Home Health ICD-9/ICD-10 Alert

Coding Compliance:

Beware Risky Coding Contracts - Percentage Raises Red Flag

Happy New Year from the OIG: We're watching your contracts.

If you pay coding or billing contracts as a percentage of the money Medicare pays you, compliance scrutiny may be heading your way.

One area the HHS Office of Inspector General plans to focus on in the new year is providers' arrangements with billing companies, the OIG's 2005 Work Plan proclaims.
 
And one part of a contract that raises an OIG red flag is paying a percentage fee rather than a flat fee, attorneys warn.

"Certainly the OIG does not like percentage contracts in a lot of situations," says attorney Chris Crosswhite with Duane Morris in Washington.
 
Providers that want to be cautious should either ask for an OIG Advisory Opinion on these types of contracts or establish arrangements with consultants willing to charge on some basis other than percentage of monies collected, advises Burtonsville, MD-based health care attorney Elizabeth Hogue.

Problem: If your agency hires coding consultants using a percentage compensation, the government may theorize this provides an incentive to upcode, because the more the home care provider makes, the more the billing company makes, says attorney David Glaser with Fredrickson & Byron in Minneapolis.

"I would not encourage a client to hire someone as a coding consultant" with a payment rate based on a percentage of revenue, Glaser notes. For one thing, this arrangement makes the consultant less objective and less likely to recommend a lower-paying code when appropriate.

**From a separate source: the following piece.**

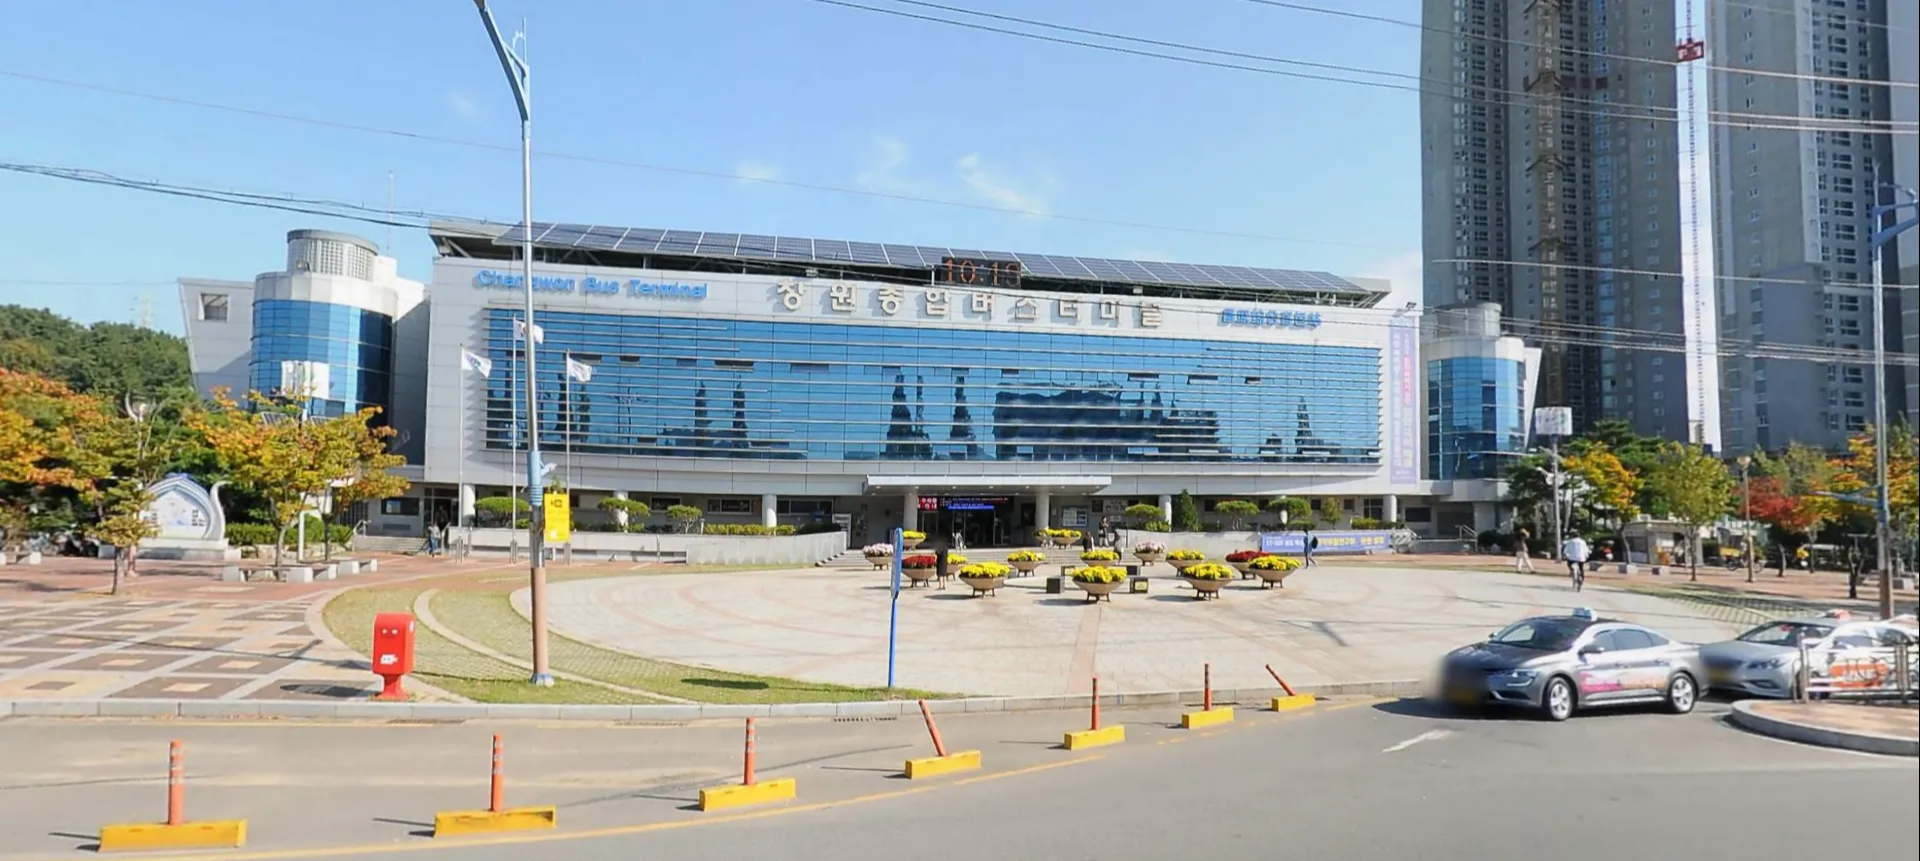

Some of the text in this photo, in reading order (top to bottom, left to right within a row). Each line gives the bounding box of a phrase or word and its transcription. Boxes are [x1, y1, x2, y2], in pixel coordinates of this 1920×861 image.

[475, 269, 708, 299] Changwon Bus Terminal
[776, 277, 1162, 328] 창원종합버스터미널
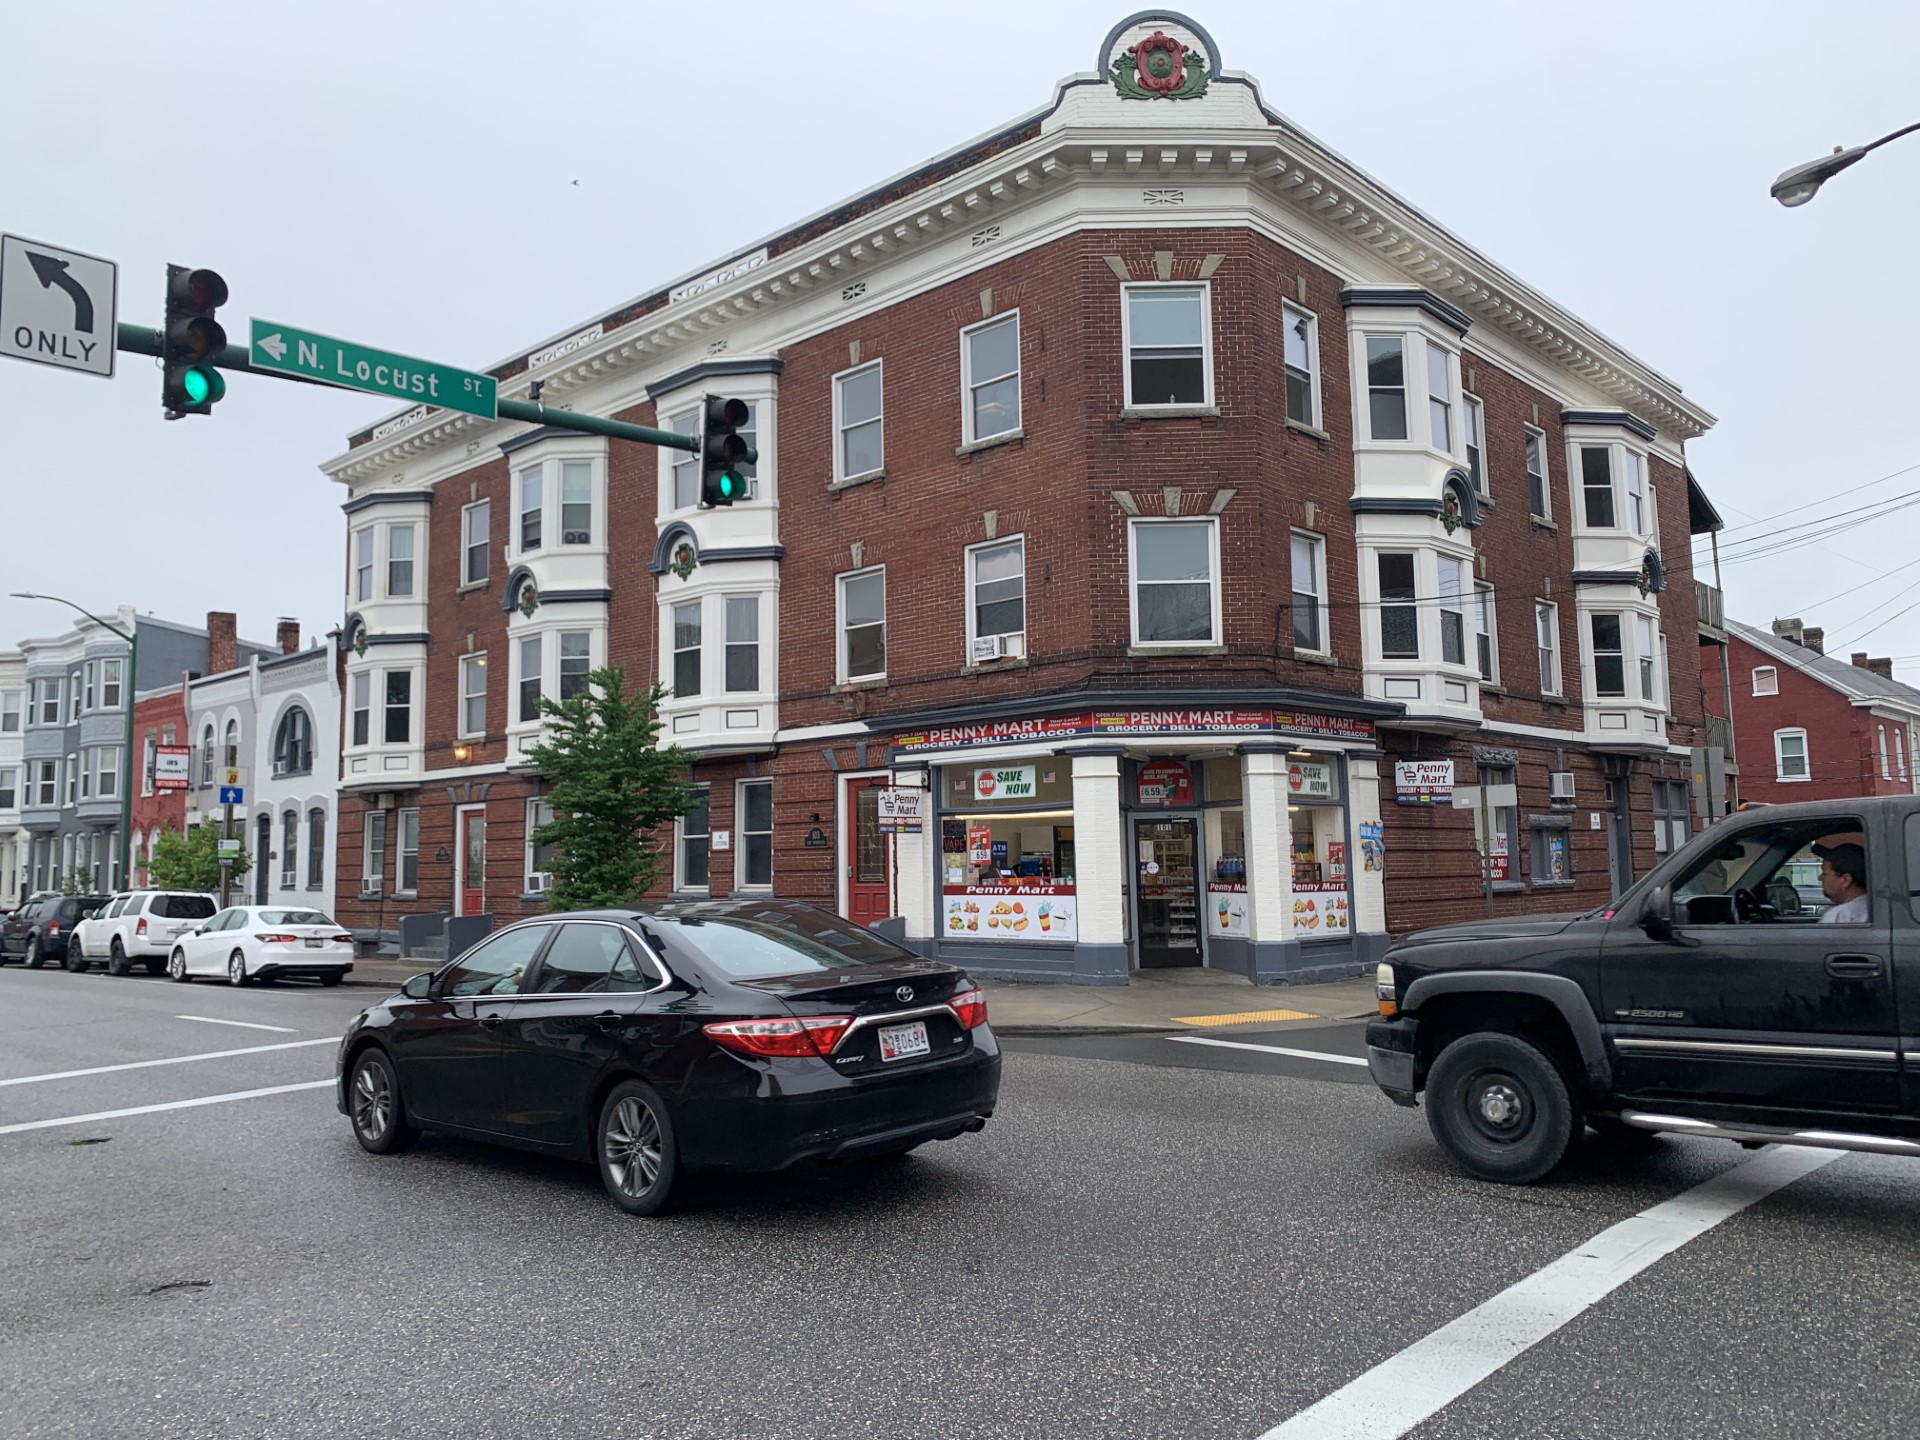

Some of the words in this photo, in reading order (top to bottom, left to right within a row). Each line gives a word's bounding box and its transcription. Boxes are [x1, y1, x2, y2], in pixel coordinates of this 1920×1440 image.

What to do: Not all contracts are created equal. Experts offer tips for checking out your contract:

 

  • Your contract should spell out exactly what the billing company and the provider will do, especially regarding the provider reviewing and approving bills. "The stronger the contract is on those kinds of things, the better your position will appear if you when someone has to produce that contract during an investigation," Crosswhite adds.
     
  • If you must pay your consultants on a percentage basis, don't rely on them for coding advice, Glaser urges.
     
  • If providers are concerned that a contract not based on a percentage of monies received will not be financially beneficial, they should include in the contract a provision that allows the provider to cancel the contract on a relatively short basis, Hogue advises.